Curiosity’nin en temel hedefi, Mars’ın bir zamanlar yaşam barındırıp barındırmadığı veya yaşam için uygun koşullara sahip olup olmadığını belirlemektir. Gale krateri üzerinde gerçekleştirilen tortul kaya incelemeleri, klorlu ve kükürt içeren organik bileşenler ile nitratların varlığını ortaya koymuştu. Bu bulgular, Mars’ta yaşam olasılığına yönelik umutları artırmaktadır.
Araştırmacılar, ‘Cumberland’ adı verilen bir çamurtaşı birikintisinden alınan mineral örneklerini incelemek üzere kimyasal bir artırıcı kullanarak deneyler düzenlediler. Bu örnekler, gaz kromatografisi-kütle spektrometrisi yöntemi ile yaklaşık 850 °C’ye kadar ısıtılarak analiz edildi. Bu yüksek sıcaklığa maruz bırakılan örnekler, Mars’ta daha önce hiç görülmemiş olan en uzun karbon zincirlerine sahip doymuş hidrokarbonlar olan dekana (C10H22), undekana (C11H24) ve dodekana (C12H26) tespit edilmesini sağladı.

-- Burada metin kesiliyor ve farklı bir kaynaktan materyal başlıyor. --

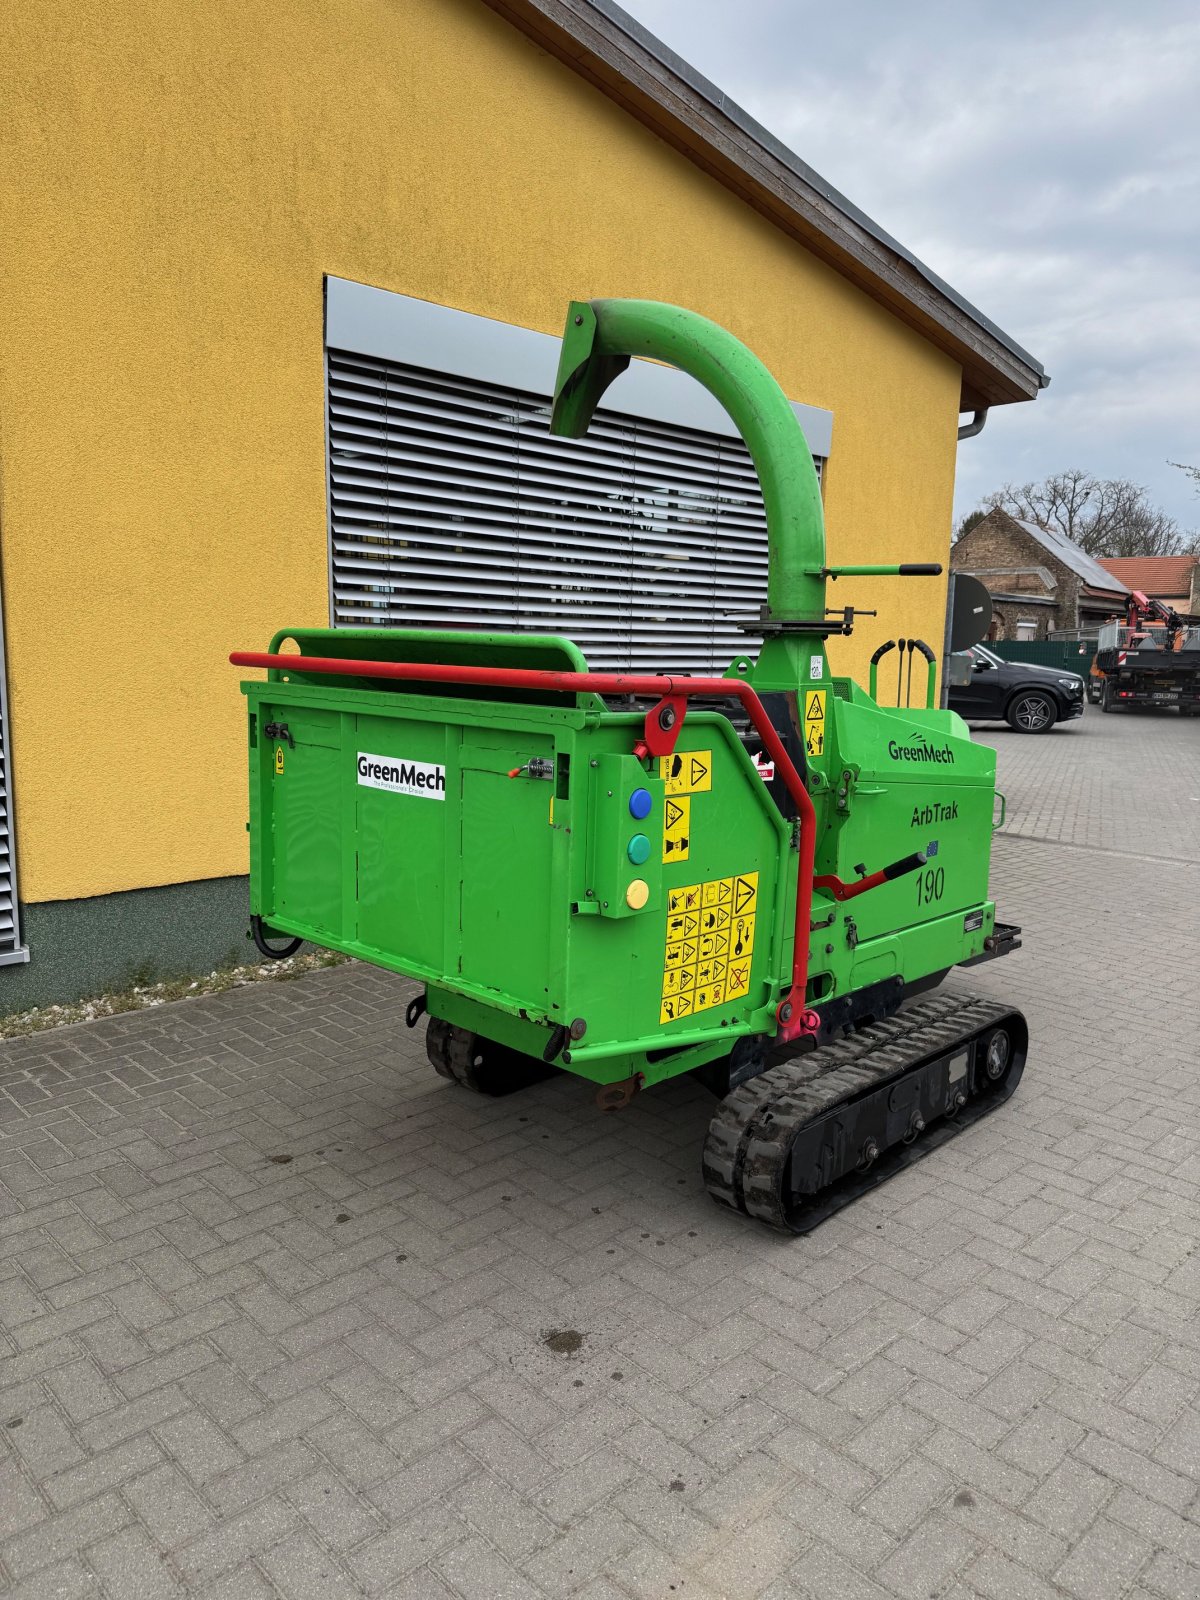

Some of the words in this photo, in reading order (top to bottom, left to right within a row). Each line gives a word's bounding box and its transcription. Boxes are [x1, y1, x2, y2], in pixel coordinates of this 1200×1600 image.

[888, 740, 955, 764] GreenMech
[357, 756, 446, 791] GreenMech
[910, 801, 959, 828] ArbTrak
[916, 866, 945, 907] 190

Ayrıca, bu örneklerde benzoik asit gibi başka organik bileşiklerin de bulunduğu keşfedildi. Bu durum, araştırmacıların Mars benzeri mineral koşullarında benzoik asit gibi organik bileşenlerden bu karbon zincirlerinin üretilebileceğine dair çeşitli laboratuvar deneyleri yapmalarını teşvik etti. Ancak, bu organik bileşiklerin abiyotik süreçler sonucunda oluşabileceği veya daha karmaşık organik materyallerin bozunma sürecinin bir sonucu olarak ortaya çıkmış olabileceği ihtimali de göz ardı edilemez.

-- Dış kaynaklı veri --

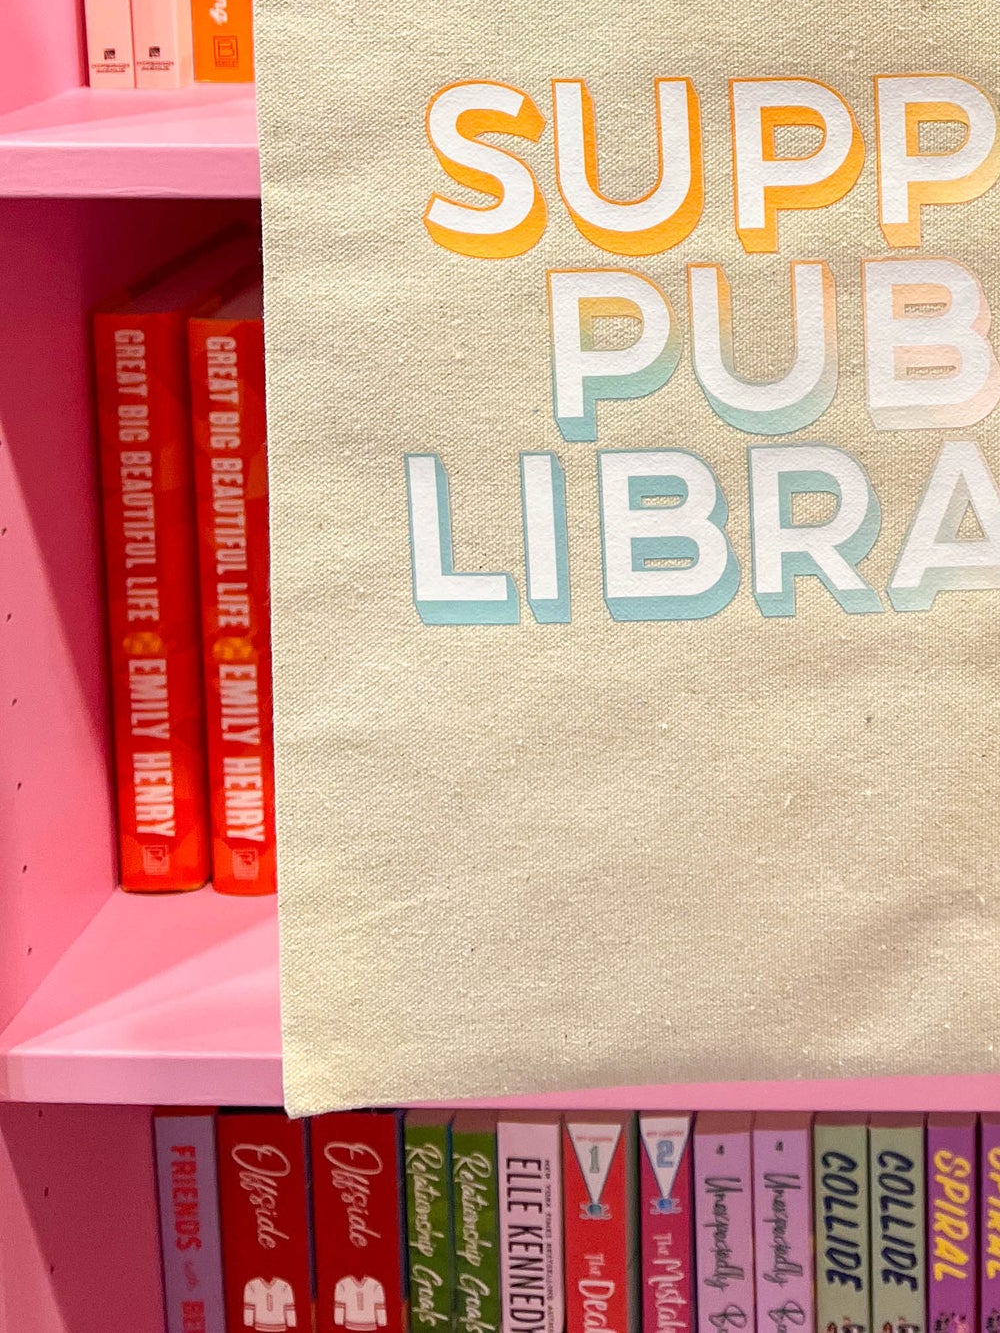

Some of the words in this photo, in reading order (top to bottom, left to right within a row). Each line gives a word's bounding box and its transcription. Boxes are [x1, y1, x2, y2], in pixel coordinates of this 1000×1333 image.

[114, 328, 148, 399] GREAT
[205, 335, 240, 404] GREAT
[118, 404, 150, 443] BIG
[208, 410, 241, 450] BIG
[120, 450, 157, 569] BEAUTIFUL
[210, 457, 248, 576] BEAUTIFUL
[126, 577, 160, 623] LIFE
[216, 582, 251, 627] LIFE
[128, 658, 171, 740] EMILY
[219, 663, 261, 746] EMILY
[132, 750, 176, 837] HENRY
[222, 755, 266, 843] HENRY
[506, 1156, 543, 1215] ELLE
[588, 1145, 601, 1175] 1
[655, 1140, 674, 1168] 2
[169, 1145, 202, 1252] FRIENDS
[230, 1142, 292, 1250] Offside
[821, 1151, 863, 1293] COLLIDE
[877, 1150, 919, 1293] COLLIDE
[933, 1149, 971, 1282] SPIRAL

Araştırmanın yazarları, keşfedilen türde organik bileşiklerin Dünya’da da bulunabileceğini ve biyokimyasal süreçlerin evrensel ürünleri olarak değerlendirilmesi gerektiğini belirtmektedir. Ancak, bu bileşiklerin gerçek anlamda biyolojik kökenli olup olmadığını anlamak için daha derinlemesine araştırmalar yapılması gerektiği konusunda hemfikirdirler. Bu araştırmaların sonuçları, yalnızca Mars’taki yaşamı araştırmakla kalmayacak, aynı zamanda dünya dışındaki yaşam olasılıkları üzerinde de önemli etkilere sahip olabilir.